§ **Goal of the exercise**
Transcribe the whole listing exactly, but do not carry over its pictures.

§ **Provided entries**
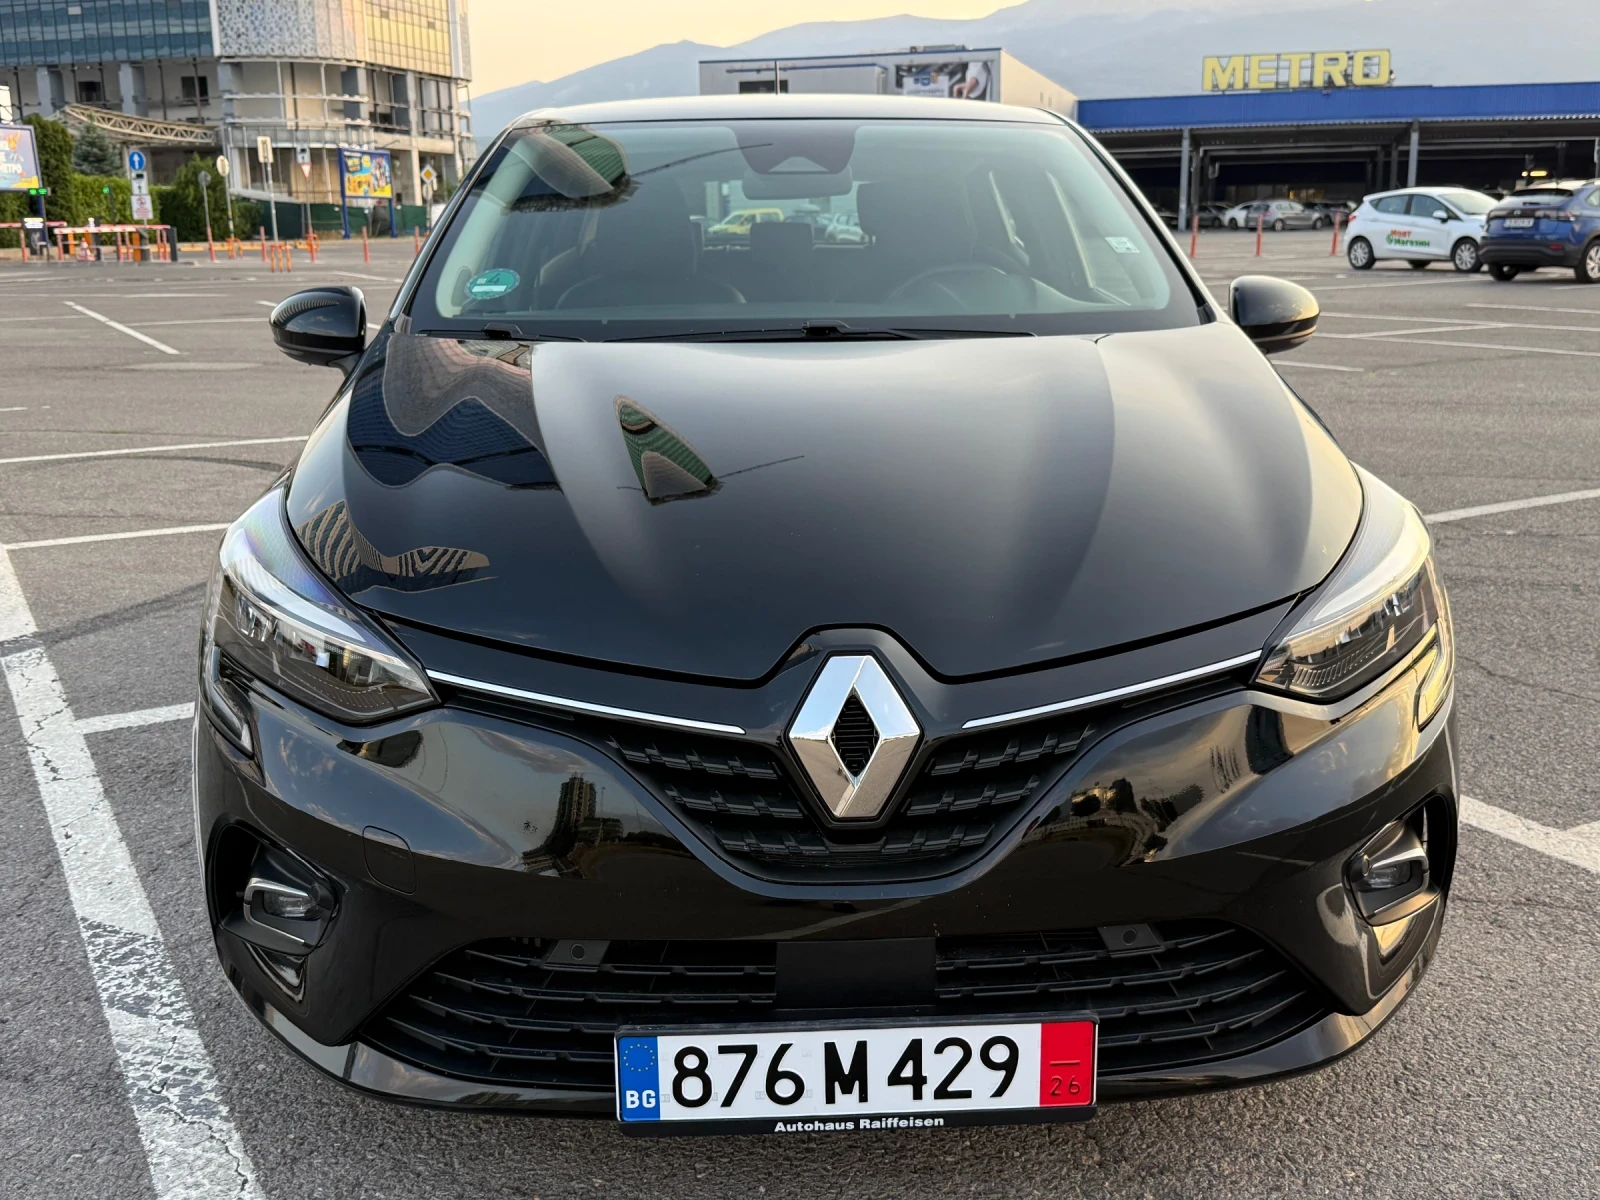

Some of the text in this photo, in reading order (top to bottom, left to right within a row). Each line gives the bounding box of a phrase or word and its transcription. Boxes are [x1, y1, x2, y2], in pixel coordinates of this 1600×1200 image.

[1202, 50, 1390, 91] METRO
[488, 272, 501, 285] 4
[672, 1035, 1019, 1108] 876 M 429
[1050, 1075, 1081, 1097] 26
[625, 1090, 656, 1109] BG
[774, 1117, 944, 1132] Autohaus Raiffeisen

§ **Task response**
Some of the text in this photo, in reading order (top to bottom, left to right within a row). Each line gives the bounding box of a phrase or word and its transcription. Boxes are [x1, y1, x2, y2], in pixel coordinates of this 1600×1200 image.

[1202, 50, 1390, 91] METRO
[488, 272, 501, 285] 4
[672, 1035, 1019, 1108] 876 M 429
[1050, 1075, 1081, 1097] 26
[625, 1090, 656, 1109] BG
[774, 1117, 944, 1132] Autohaus Raiffeisen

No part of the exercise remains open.